Une évolution des taux selon la durée du prêt

Les tendances observées au premier trimestre 2026 montrent des évolutions contrastées :

Prêts sur 15 ans : légère baisse

Les crédits immobiliers sur 15 ans enregistrent un recul moyen d’environ 0,05 %, profitant à la majorité des emprunteurs. Cette baisse concerne principalement les profils les plus solides financièrement.

Prêts sur 20 ans : légère hausse

À l’inverse, les prêts sur 20 ans ont connu une augmentation moyenne d’environ 0,04 %. Cette durée, très utilisée par les acquéreurs, reste sensible aux arbitrages bancaires.

Prêts sur 25 ans : disparités selon les profils

Sur les financements longs, les écarts se creusent selon l’apport personnel :
• Les ménages disposant d’un bon apport ont subi de légères hausses de taux.
• Les profils plus modestes, souvent primo-accédants ou familles nombreuses, ont bénéficié d’une stabilité, voire d’une petite baisse.

Cette orientation montre la volonté de certaines banques de préserver l’accès au crédit pour les ménages les plus exposés.

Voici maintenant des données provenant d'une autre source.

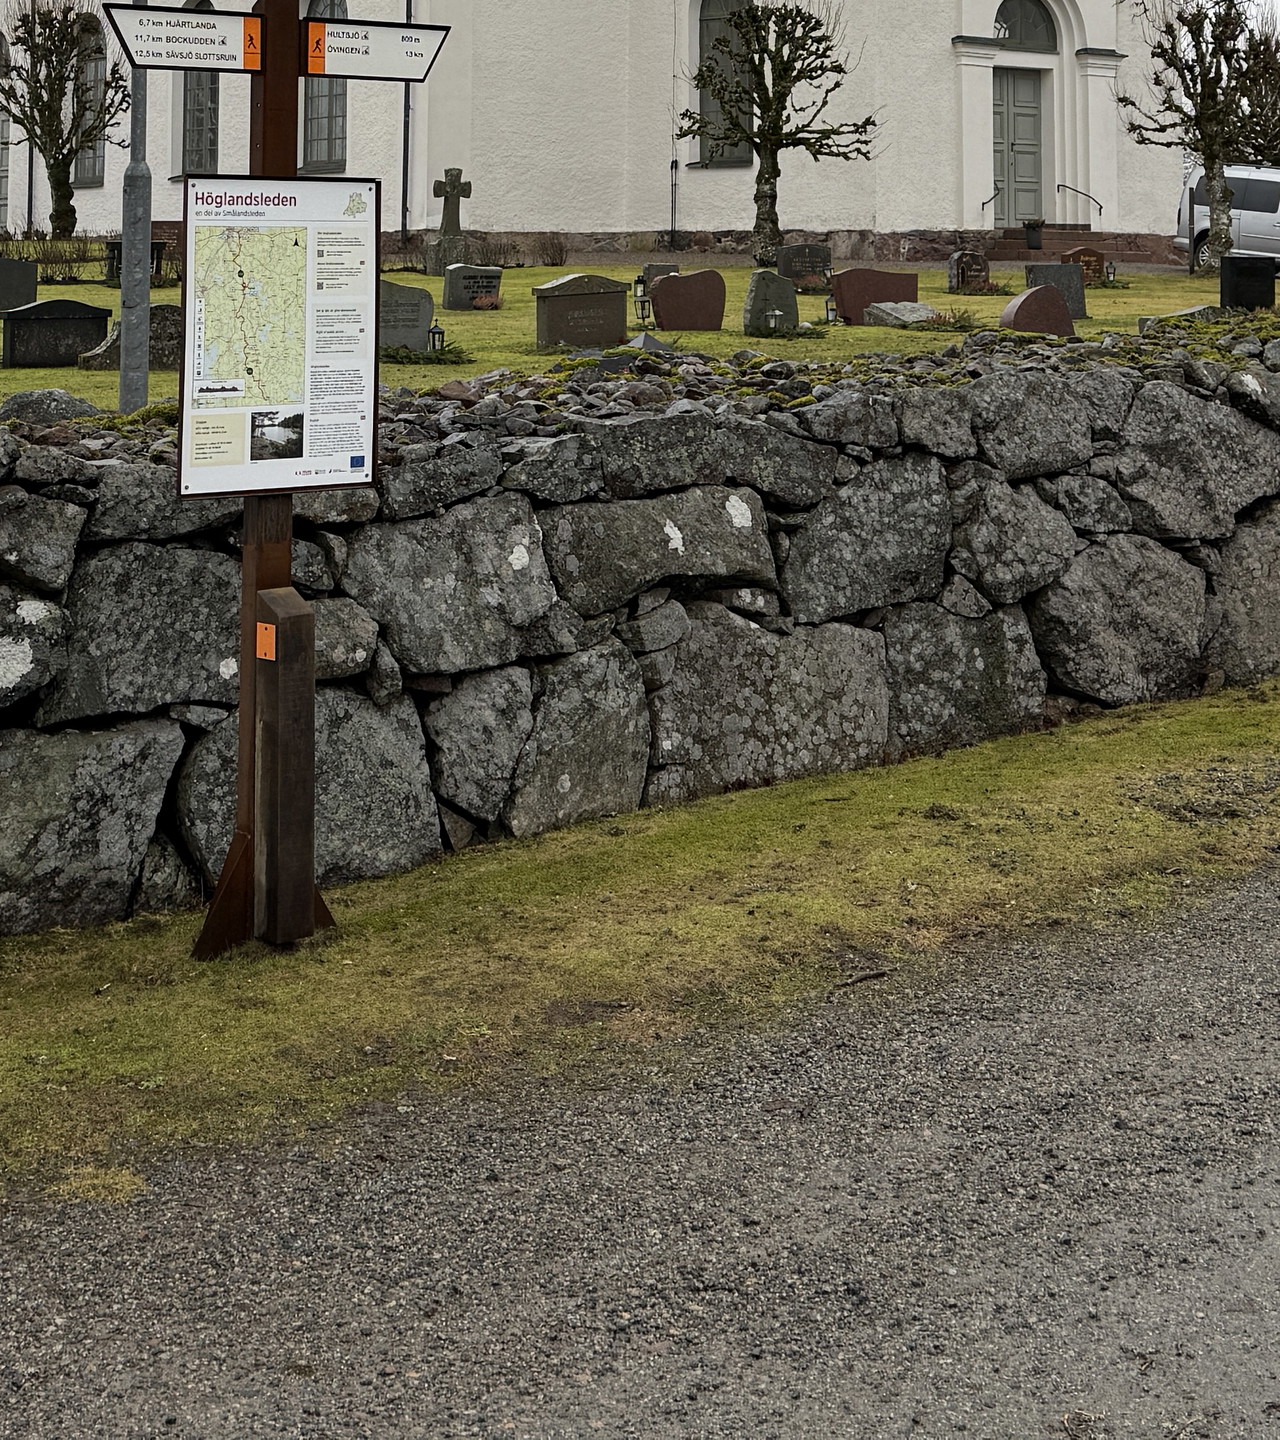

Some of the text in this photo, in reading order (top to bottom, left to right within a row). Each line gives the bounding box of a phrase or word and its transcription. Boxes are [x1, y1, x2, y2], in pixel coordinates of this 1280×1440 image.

[139, 19, 217, 30] 6,7 km HJÄRTLANDA
[135, 35, 215, 46] 11,7 km BOCKUDDEN
[327, 45, 361, 54] ÖVINGEN
[135, 50, 237, 62] 12,5 km SÄVSJÖ SLOTTSRUIN
[195, 191, 297, 208] Höglandsleden
[223, 209, 266, 217] Smålandsleden

Des durées d’emprunt toujours élevées

En mars 2026, la durée moyenne des crédits immobiliers accordés s’établit à 252 mois, soit 21 ans.

Dans le détail :
263 mois pour l’achat dans le neuf
266 mois pour l’achat dans l’ancien

Ces durées longues permettent de limiter le poids des mensualités et d’améliorer la capacité d’emprunt, malgré des taux encore supérieurs aux niveaux historiquement bas connus avant 2022.

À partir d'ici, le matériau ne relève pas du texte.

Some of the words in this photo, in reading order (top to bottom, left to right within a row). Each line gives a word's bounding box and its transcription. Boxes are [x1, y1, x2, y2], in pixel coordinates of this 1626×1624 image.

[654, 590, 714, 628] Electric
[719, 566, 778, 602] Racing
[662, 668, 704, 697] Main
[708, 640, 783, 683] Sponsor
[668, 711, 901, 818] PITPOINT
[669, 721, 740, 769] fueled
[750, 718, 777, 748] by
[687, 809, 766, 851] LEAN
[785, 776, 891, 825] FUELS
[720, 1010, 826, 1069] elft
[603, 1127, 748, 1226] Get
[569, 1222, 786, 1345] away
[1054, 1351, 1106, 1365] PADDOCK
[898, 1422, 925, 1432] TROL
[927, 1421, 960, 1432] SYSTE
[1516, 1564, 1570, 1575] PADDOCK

Quelles conséquences pour les acheteurs ?

Pour les futurs acquéreurs, plusieurs enseignements se dégagent :

• comparer les offres bancaires reste indispensable ;
• l’apport personnel demeure un levier déterminant ;
• la durée du prêt influence fortement le coût total du financement ;
• certaines opportunités existent encore pour les primo-accédants.

Notre conseil

Dans un contexte bancaire sélectif, préparer son dossier en amont est plus important que jamais : stabilité professionnelle, gestion des comptes, apport disponible et niveau d’endettement seront examinés avec attention.

Un projet immobilier bien préparé reste finançable en 2026, à condition d’être accompagné et conseillé efficacement.